TASK OBJECTIVE | For this exercise, reproduce the records exactly as they stand and do not carry any images over.

DATA PROVIDED |

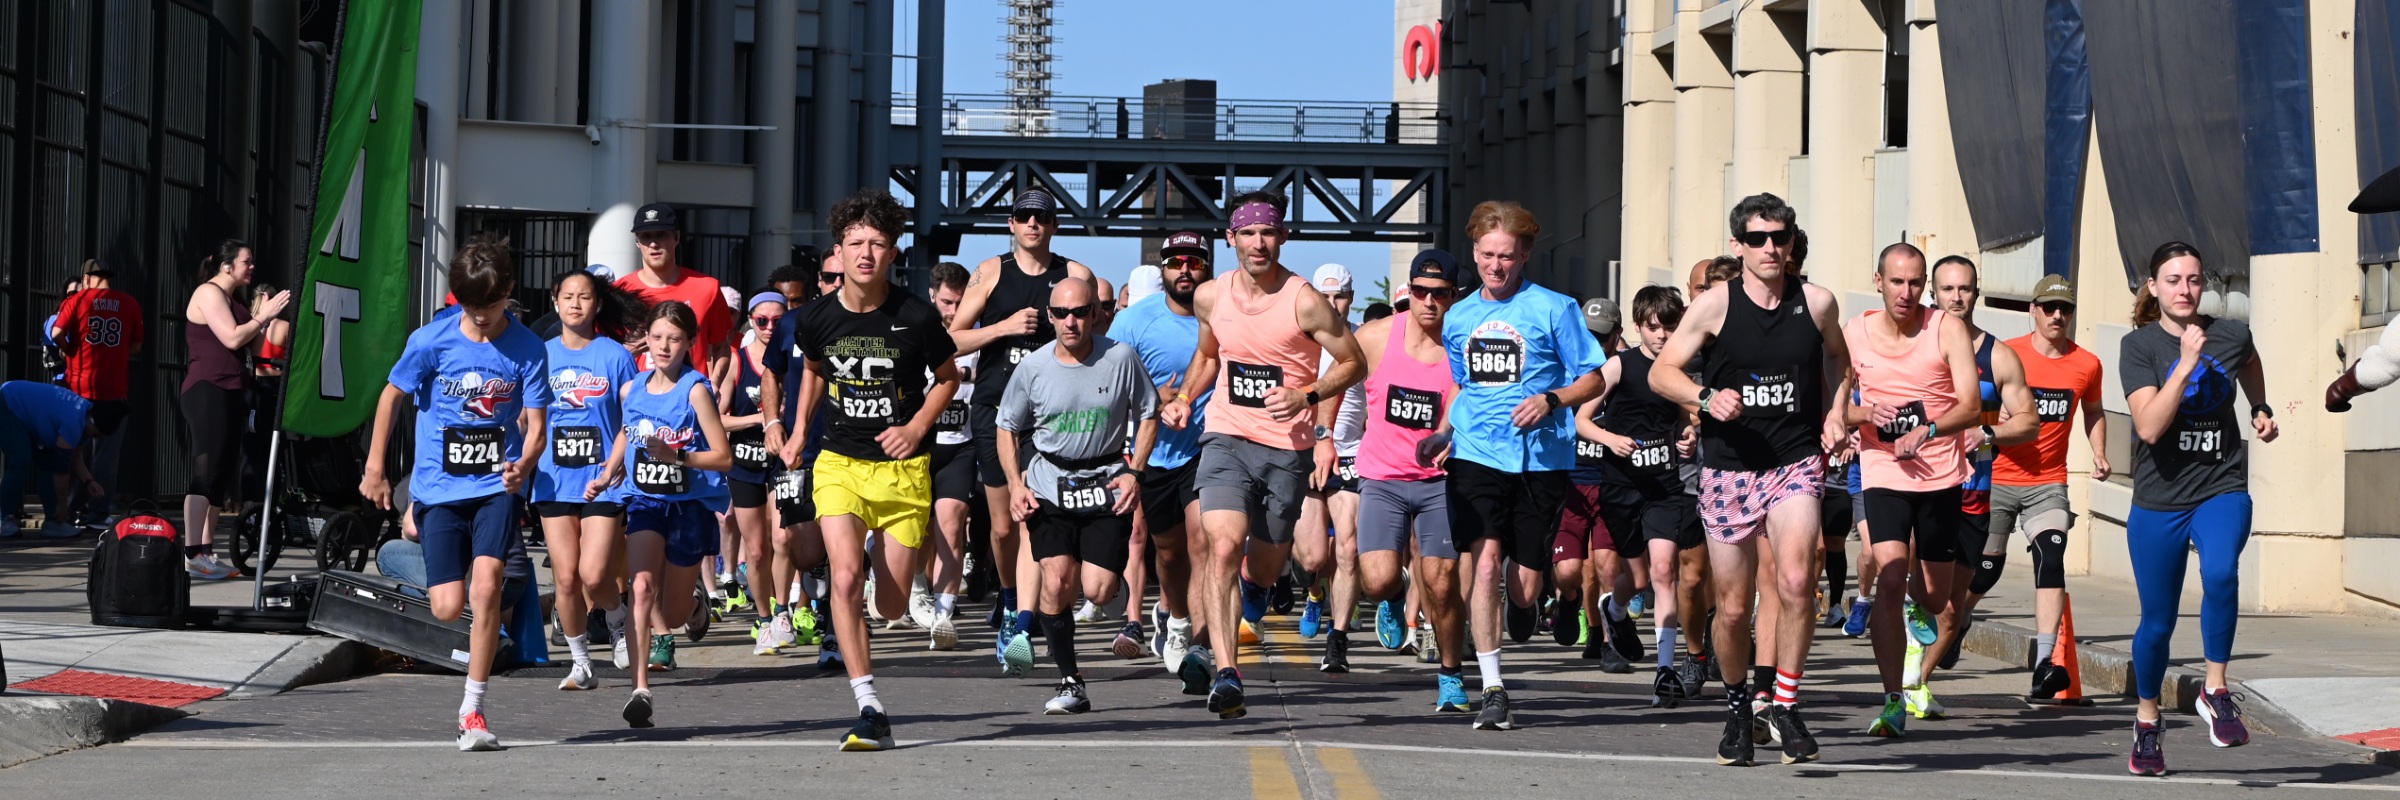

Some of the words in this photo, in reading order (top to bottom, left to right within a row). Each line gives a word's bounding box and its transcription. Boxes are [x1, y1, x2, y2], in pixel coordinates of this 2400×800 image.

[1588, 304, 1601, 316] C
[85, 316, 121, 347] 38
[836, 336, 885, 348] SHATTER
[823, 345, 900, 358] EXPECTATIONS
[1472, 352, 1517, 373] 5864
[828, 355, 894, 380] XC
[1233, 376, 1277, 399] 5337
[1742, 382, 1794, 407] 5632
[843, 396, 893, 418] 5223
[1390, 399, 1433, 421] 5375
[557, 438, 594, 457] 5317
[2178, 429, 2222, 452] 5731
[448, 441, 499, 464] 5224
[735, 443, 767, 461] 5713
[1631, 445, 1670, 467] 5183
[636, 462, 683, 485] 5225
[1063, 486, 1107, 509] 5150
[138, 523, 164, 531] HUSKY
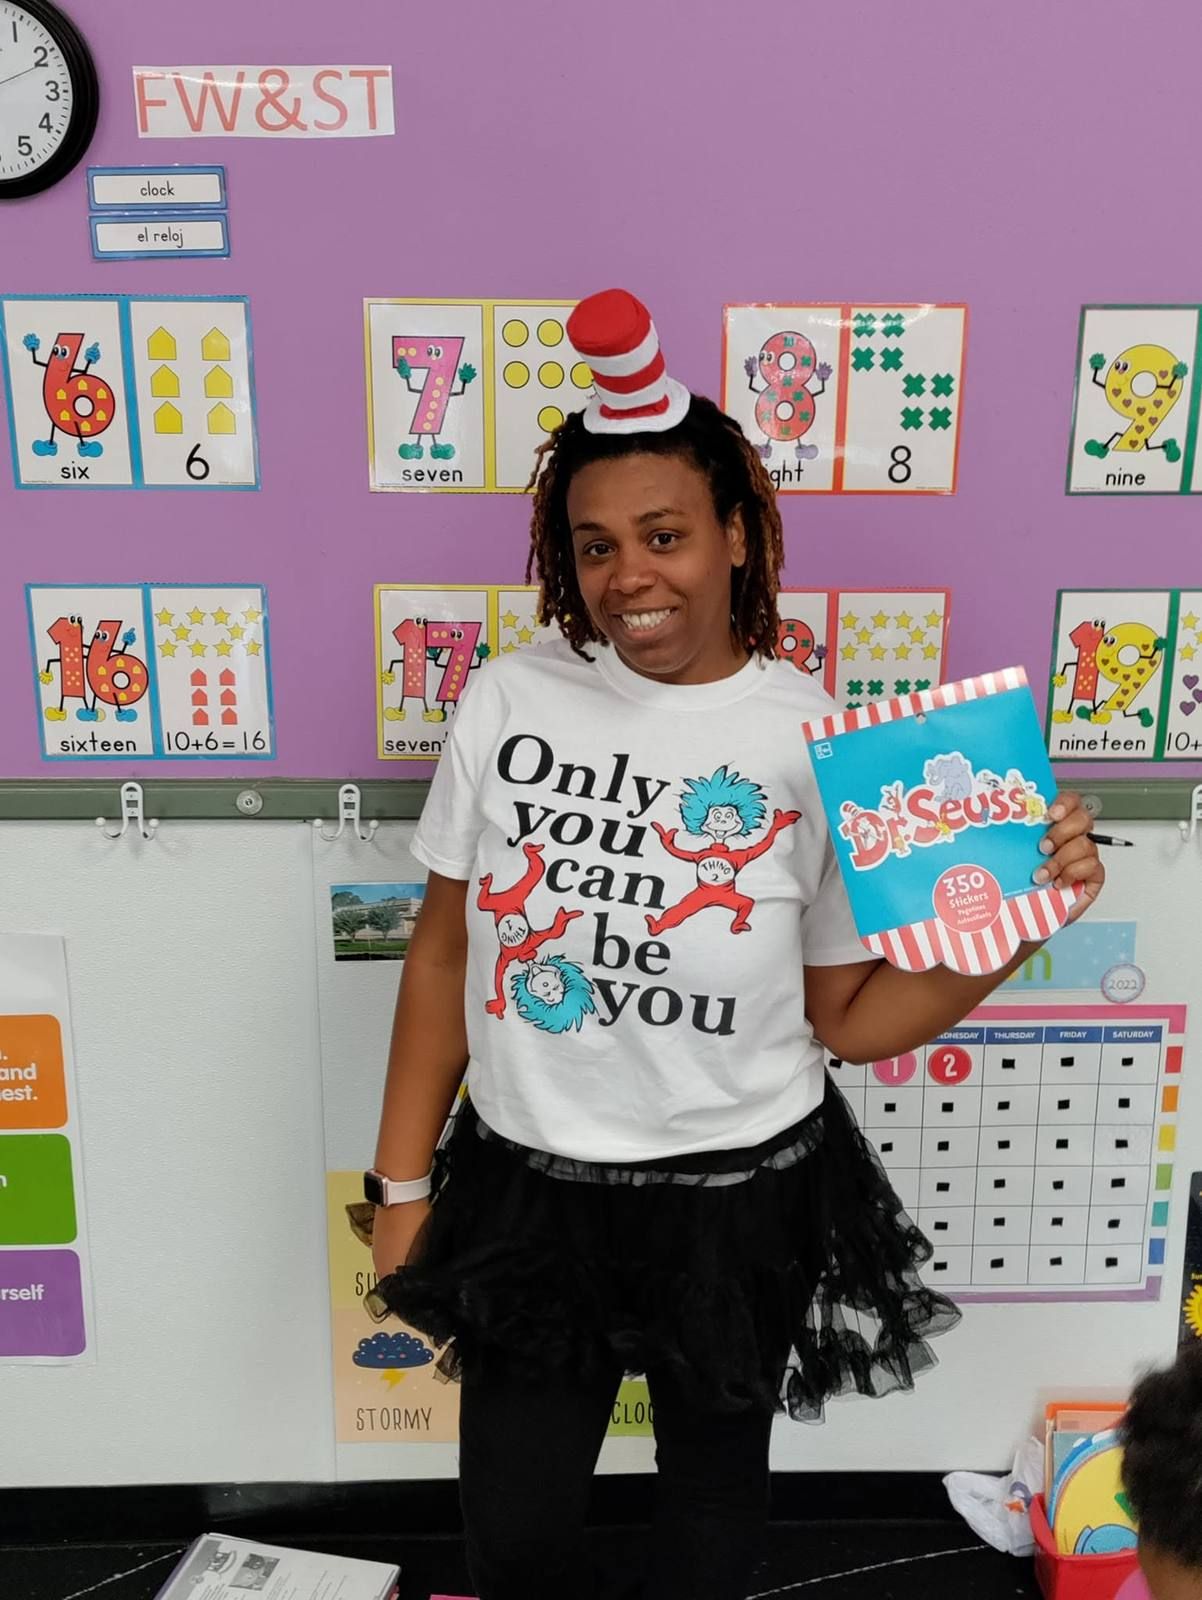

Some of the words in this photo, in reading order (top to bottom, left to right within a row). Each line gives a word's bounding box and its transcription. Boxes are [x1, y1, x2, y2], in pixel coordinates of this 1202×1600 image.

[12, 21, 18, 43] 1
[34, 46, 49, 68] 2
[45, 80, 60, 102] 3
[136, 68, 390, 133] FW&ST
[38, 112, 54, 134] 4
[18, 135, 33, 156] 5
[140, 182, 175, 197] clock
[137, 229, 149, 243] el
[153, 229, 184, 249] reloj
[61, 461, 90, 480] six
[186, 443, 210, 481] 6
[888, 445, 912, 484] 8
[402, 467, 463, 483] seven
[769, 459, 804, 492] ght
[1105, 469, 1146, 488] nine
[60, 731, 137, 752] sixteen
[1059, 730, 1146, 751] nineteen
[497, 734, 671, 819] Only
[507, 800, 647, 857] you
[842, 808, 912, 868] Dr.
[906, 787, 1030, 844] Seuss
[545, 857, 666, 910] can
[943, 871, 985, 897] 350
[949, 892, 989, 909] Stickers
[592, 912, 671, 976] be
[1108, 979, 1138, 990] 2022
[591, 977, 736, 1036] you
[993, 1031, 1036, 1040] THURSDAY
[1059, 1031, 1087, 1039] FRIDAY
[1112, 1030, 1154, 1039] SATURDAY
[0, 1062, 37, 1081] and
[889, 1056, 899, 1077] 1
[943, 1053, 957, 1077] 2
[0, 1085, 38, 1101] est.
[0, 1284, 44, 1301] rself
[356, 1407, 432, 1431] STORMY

EXERCISE OUTPUT |
Some of the words in this photo, in reading order (top to bottom, left to right within a row). Each line gives a word's bounding box and its transcription. Boxes are [x1, y1, x2, y2], in pixel coordinates of this 2400×800 image.

[1588, 304, 1601, 316] C
[85, 316, 121, 347] 38
[836, 336, 885, 348] SHATTER
[823, 345, 900, 358] EXPECTATIONS
[1472, 352, 1517, 373] 5864
[828, 355, 894, 380] XC
[1233, 376, 1277, 399] 5337
[1742, 382, 1794, 407] 5632
[843, 396, 893, 418] 5223
[1390, 399, 1433, 421] 5375
[557, 438, 594, 457] 5317
[2178, 429, 2222, 452] 5731
[448, 441, 499, 464] 5224
[735, 443, 767, 461] 5713
[1631, 445, 1670, 467] 5183
[636, 462, 683, 485] 5225
[1063, 486, 1107, 509] 5150
[138, 523, 164, 531] HUSKY

Some of the words in this photo, in reading order (top to bottom, left to right within a row). Each line gives a word's bounding box and its transcription. Boxes are [x1, y1, x2, y2], in pixel coordinates of this 1202×1600 image.

[12, 21, 18, 43] 1
[34, 46, 49, 68] 2
[45, 80, 60, 102] 3
[136, 68, 390, 133] FW&ST
[38, 112, 54, 134] 4
[18, 135, 33, 156] 5
[140, 182, 175, 197] clock
[137, 229, 149, 243] el
[153, 229, 184, 249] reloj
[61, 461, 90, 480] six
[186, 443, 210, 481] 6
[888, 445, 912, 484] 8
[402, 467, 463, 483] seven
[769, 459, 804, 492] ght
[1105, 469, 1146, 488] nine
[60, 731, 137, 752] sixteen
[1059, 730, 1146, 751] nineteen
[497, 734, 671, 819] Only
[507, 800, 647, 857] you
[842, 808, 912, 868] Dr.
[906, 787, 1030, 844] Seuss
[545, 857, 666, 910] can
[943, 871, 985, 897] 350
[949, 892, 989, 909] Stickers
[592, 912, 671, 976] be
[1108, 979, 1138, 990] 2022
[591, 977, 736, 1036] you
[993, 1031, 1036, 1040] THURSDAY
[1059, 1031, 1087, 1039] FRIDAY
[1112, 1030, 1154, 1039] SATURDAY
[0, 1062, 37, 1081] and
[889, 1056, 899, 1077] 1
[943, 1053, 957, 1077] 2
[0, 1085, 38, 1101] est.
[0, 1284, 44, 1301] rself
[356, 1407, 432, 1431] STORMY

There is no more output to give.